U.S. crude stockpiles surged by nearly 9 million barrels last week due to a combination of increased imports and ongoing releases from government emergency reserves, the Energy Information Administration said.
The hefty build compares with the 300,000-barrel draw analysts forecast in a Reuters poll and data from American Petroleum Institute industry group showing a 3.6 million-barrel increase.
“We got beat up so bad yesterday and then the (EIA) report came out and we had a sharp drop and now we’re higher than we were before the report, which seems to suggest that the market had an inkling that this was going to happen,” said Phil Flynn, an analyst at Price Futures Group.
Brent futures rose $1.17, or 1.3%, to $89.17 a barrel by 11:37 a.m.
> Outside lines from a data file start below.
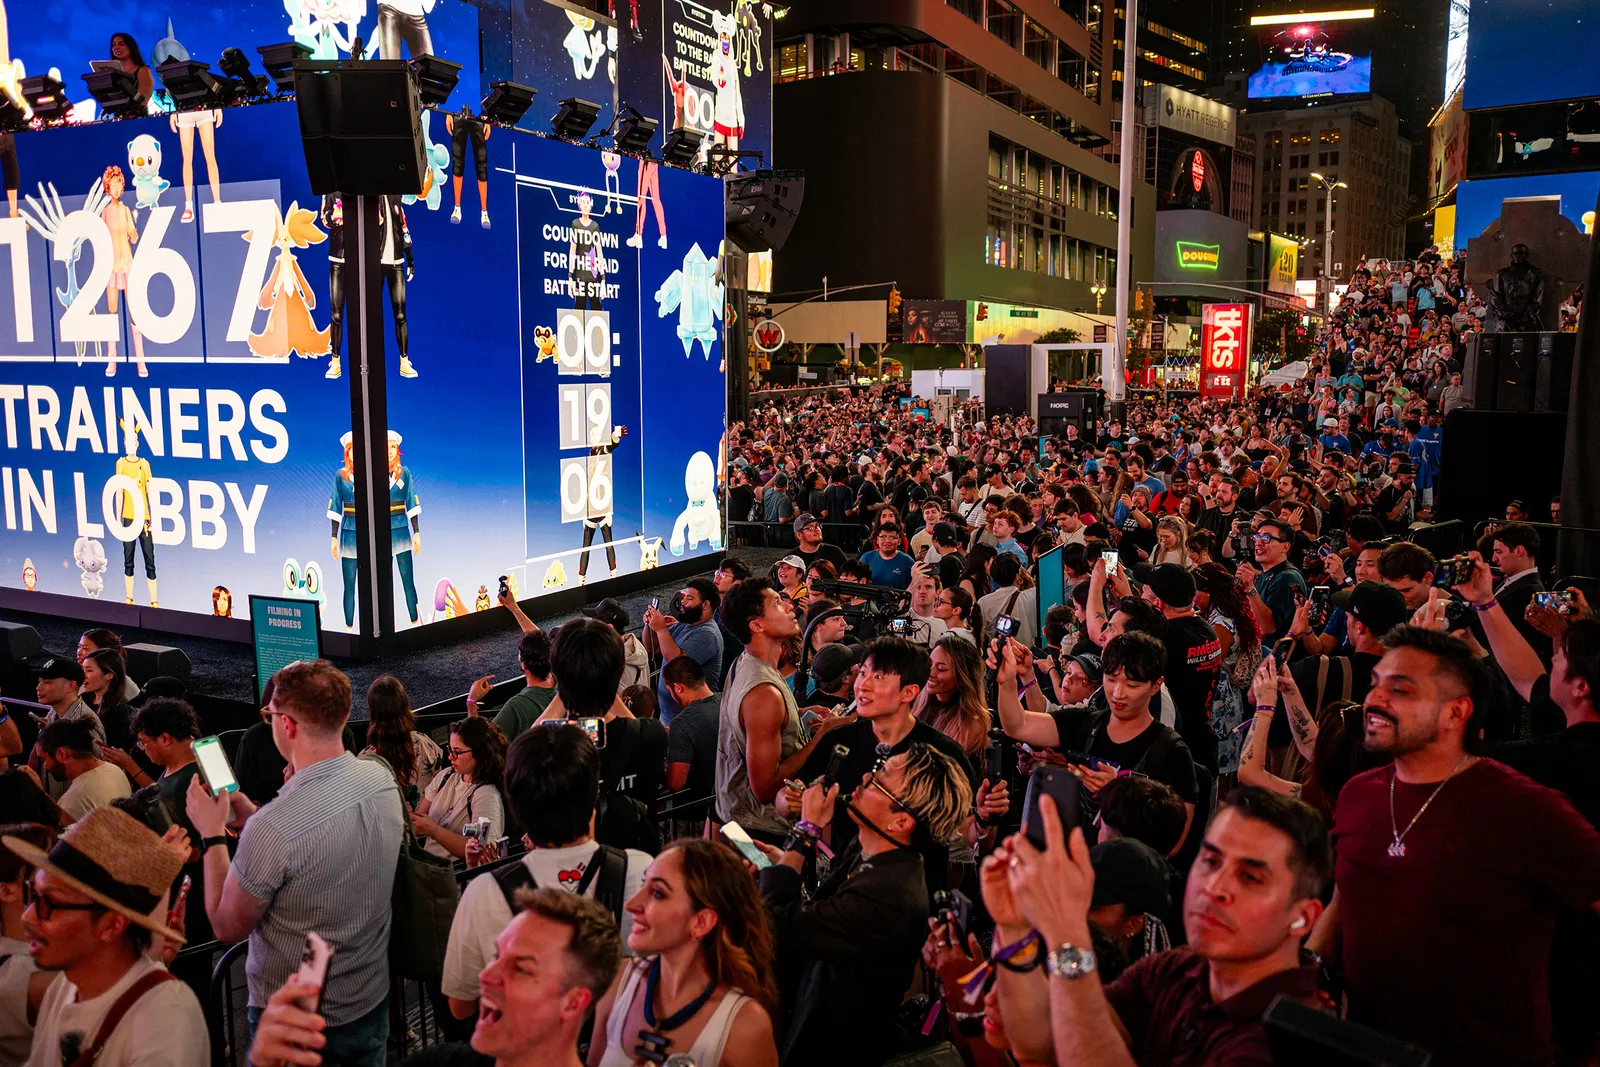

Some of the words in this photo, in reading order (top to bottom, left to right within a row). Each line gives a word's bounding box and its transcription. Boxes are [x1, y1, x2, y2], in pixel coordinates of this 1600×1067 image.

[673, 21, 719, 50] COUNTDOW
[676, 39, 687, 55] TO
[688, 44, 702, 62] THE
[703, 51, 714, 65] RA
[673, 56, 700, 78] BATTLE
[701, 67, 714, 82] STA
[684, 87, 715, 129] 00
[1176, 104, 1200, 122] HYATT
[1201, 112, 1231, 131] REGENCY
[542, 224, 619, 249] COUNTDOWN
[0, 199, 279, 344] 1267
[544, 251, 567, 269] FOR
[571, 254, 591, 271] THE
[594, 257, 619, 274] RAID
[1279, 251, 1294, 273] 120
[544, 278, 585, 297] BATTLE
[587, 281, 620, 299] START
[757, 329, 781, 346] W
[1212, 308, 1242, 368] tkts
[0, 384, 290, 464] TRAINERS
[563, 388, 611, 441] 19
[561, 460, 612, 515] 06
[2, 467, 57, 534] IN
[73, 472, 269, 554] LOBBY
[267, 605, 293, 617] FILMING
[293, 608, 301, 617] IN
[268, 617, 302, 629] PROGRESS
[616, 774, 637, 791] IT
EDT (1537 GMT), while U.S. West Texas Intermediate (WTI) crude traded $1.65, or 2.0%, higher at $83.59.
On Wednesday, both benchmarks dropped over 5% to close at their lowest levels since mid to late January.
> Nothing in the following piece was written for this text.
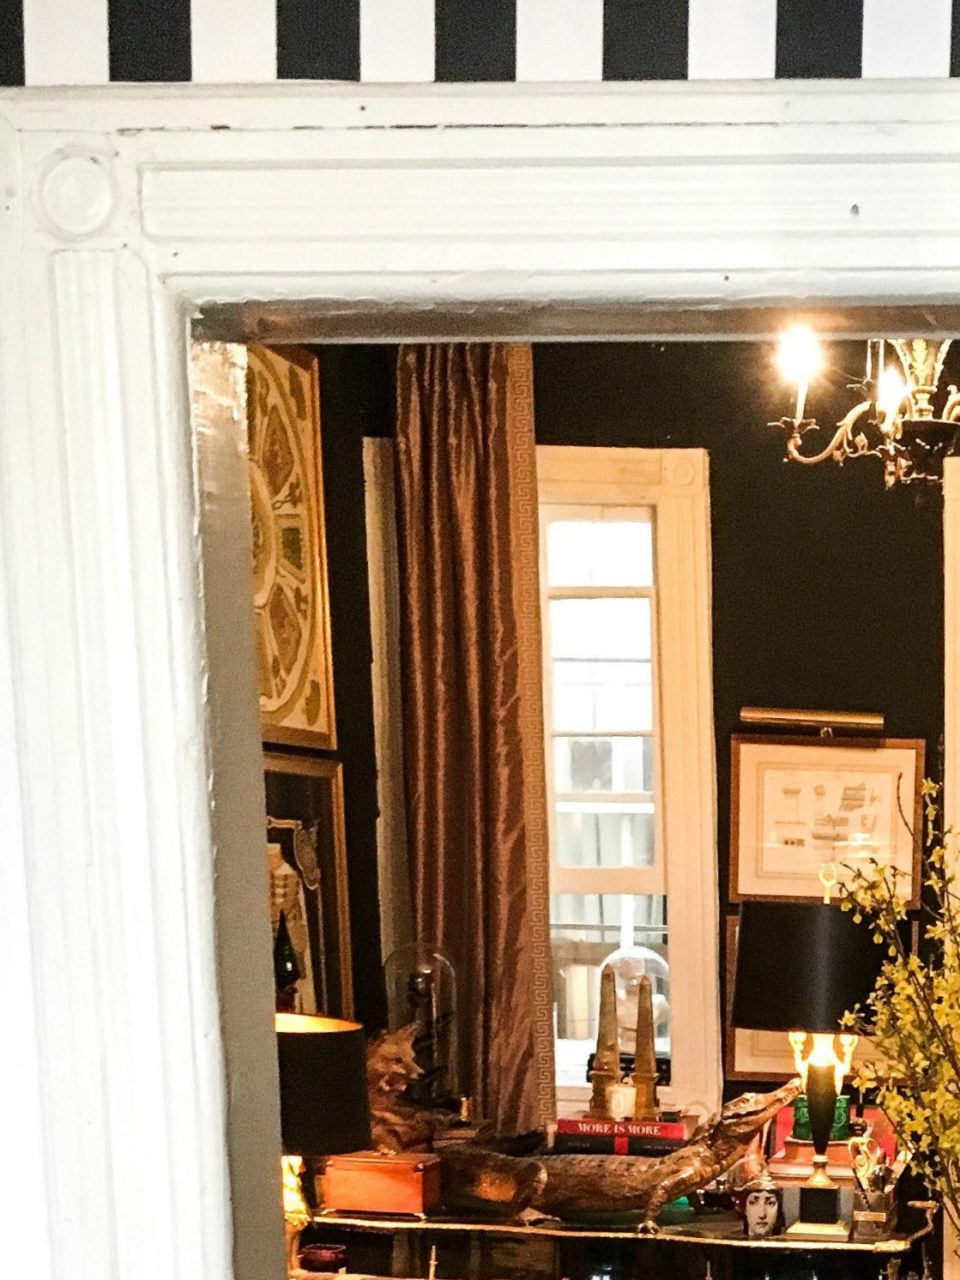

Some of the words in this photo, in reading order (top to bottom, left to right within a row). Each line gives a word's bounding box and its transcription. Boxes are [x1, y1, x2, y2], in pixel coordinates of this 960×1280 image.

Oil dives more than $4 on strong dollar, recession fears
Prices drew some support from Russian President Vladimir Putin’s threat to halt oil and gas exports if price caps are imposed by European buyers.
The European Union proposed capping Russian gas prices, raising the risk of rationing this winter if Moscow carries out its threat. Russia’s Gazprom has already halted flows from the Nord Stream 1 gas pipeline, cutting off a substantial percentage of supply to Europe.
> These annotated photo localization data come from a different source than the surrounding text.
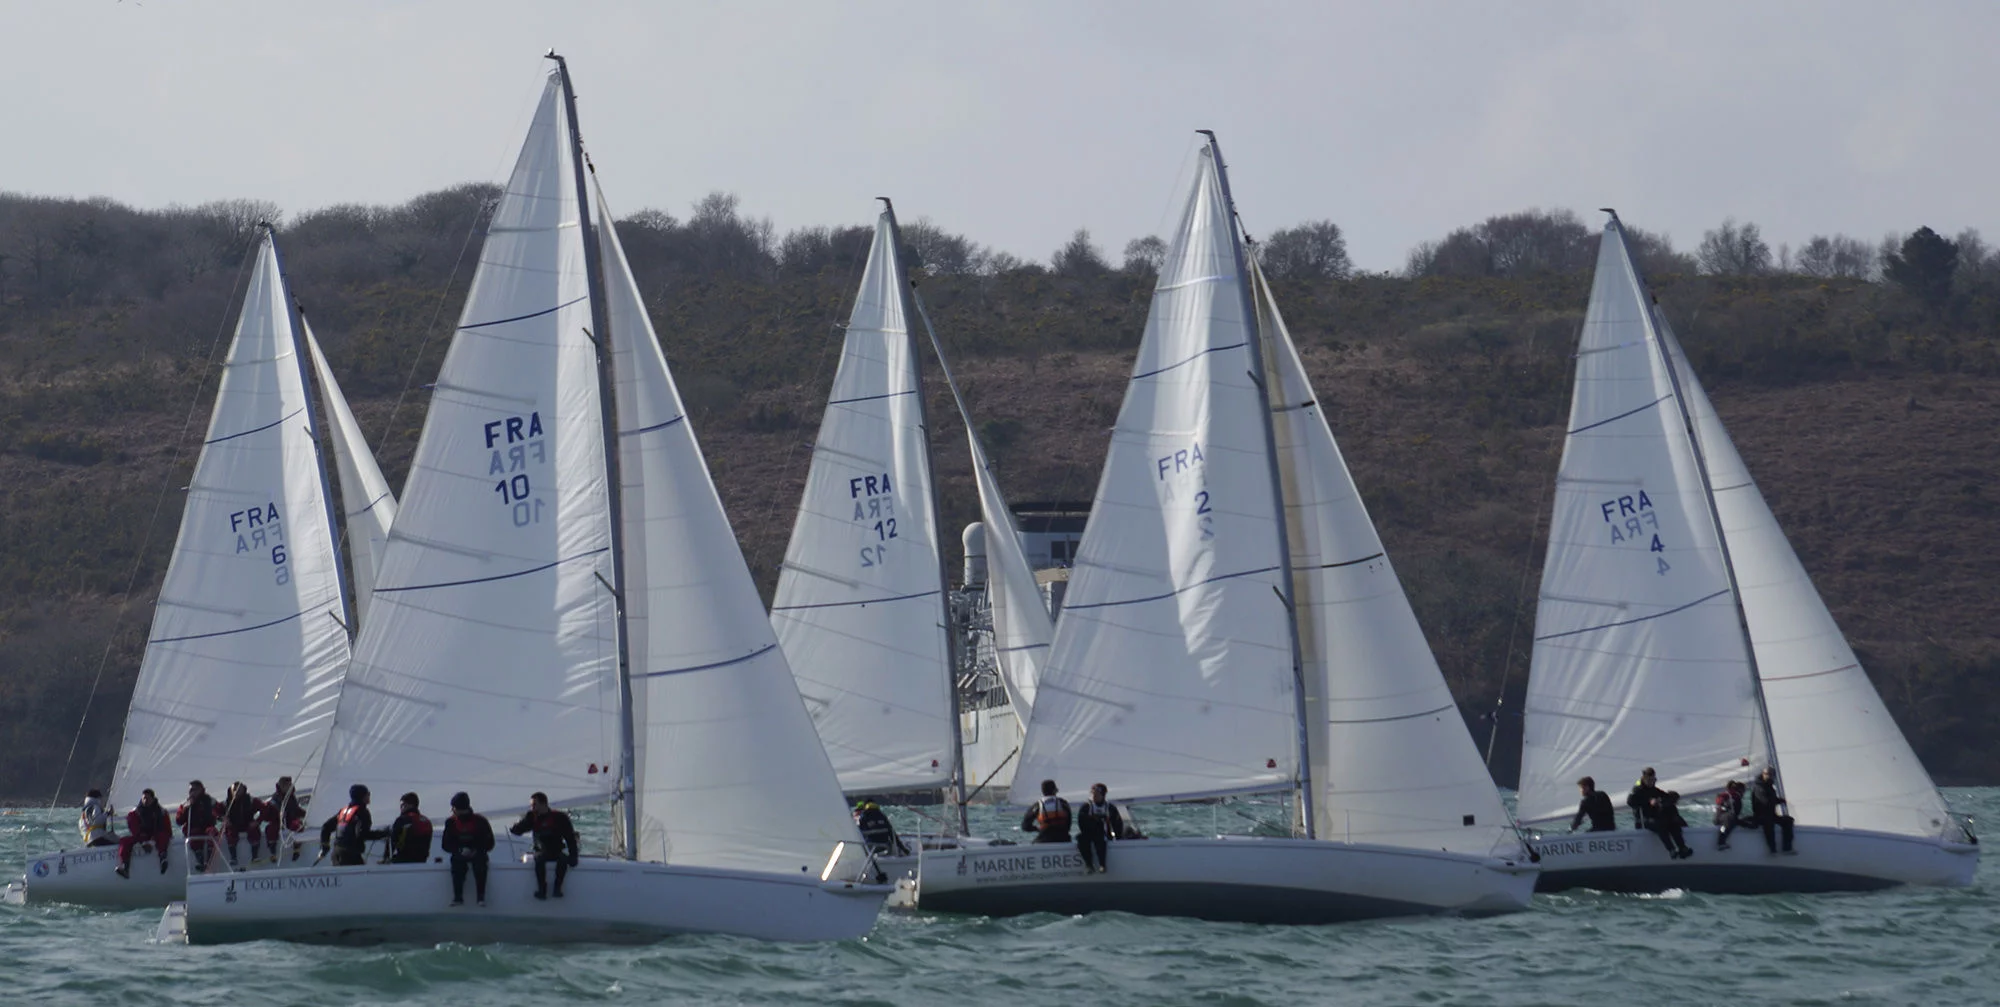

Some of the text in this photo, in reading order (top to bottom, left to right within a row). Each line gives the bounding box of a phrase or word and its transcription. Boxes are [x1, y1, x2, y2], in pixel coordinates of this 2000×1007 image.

[484, 411, 543, 449] FRA
[1158, 442, 1204, 481] FRA
[495, 474, 530, 505] 10
[850, 473, 892, 499] FRA
[1194, 490, 1212, 515] 2
[1601, 489, 1653, 523] FRA
[230, 501, 280, 533] FRA
[874, 518, 898, 541] 12
[272, 544, 286, 565] 6
[1650, 533, 1666, 553] 4
[1588, 840, 1632, 853] BREST
[974, 857, 1036, 873] MARINE
[1041, 855, 1084, 869] BRES
[245, 877, 341, 891] ECOLE NAVALE
Belgium’s energy minister proposed a cap on wholesale gas prices rather than just Russian imports.
Britain also said it will cap consumer energy bills for two years.
Concerns about the health of the global economy and expectations of falling fuel demand led to sharp oil price falls in the previous session.
Saxo Bank analyst Ole Hansen said the decline was “driven by continued demand worries related to the risk of growth-killing rate hikes from central banks battling runaway inflation and China’s continued economic struggle caused by its COVID-zero policy”.
China’s Chengdu extended a lockdown for a majority of its more than 21 million residents to prevent further transmission of COVID-19, while millions more in other parts of the country were told to shun travel during upcoming holidays.
The European Central Bank raised its key interest rates by an unprecedented 75 basis points and signalled further hikes, prioritising the fight against inflation even as the bloc’s economy is heading for a likely winter recession.
JP Morgan said OPEC+ may need to cut production by 1 million barrels per day (bpd) to “stem the downward momentum in prices and realign physical and paper markets which appear disconnected.”
The Organization of the Petroleum Exporting Countries and allies led by Russia, collectively known as OPEC+, agreed this week to cut their output by 100,000 bpd for October.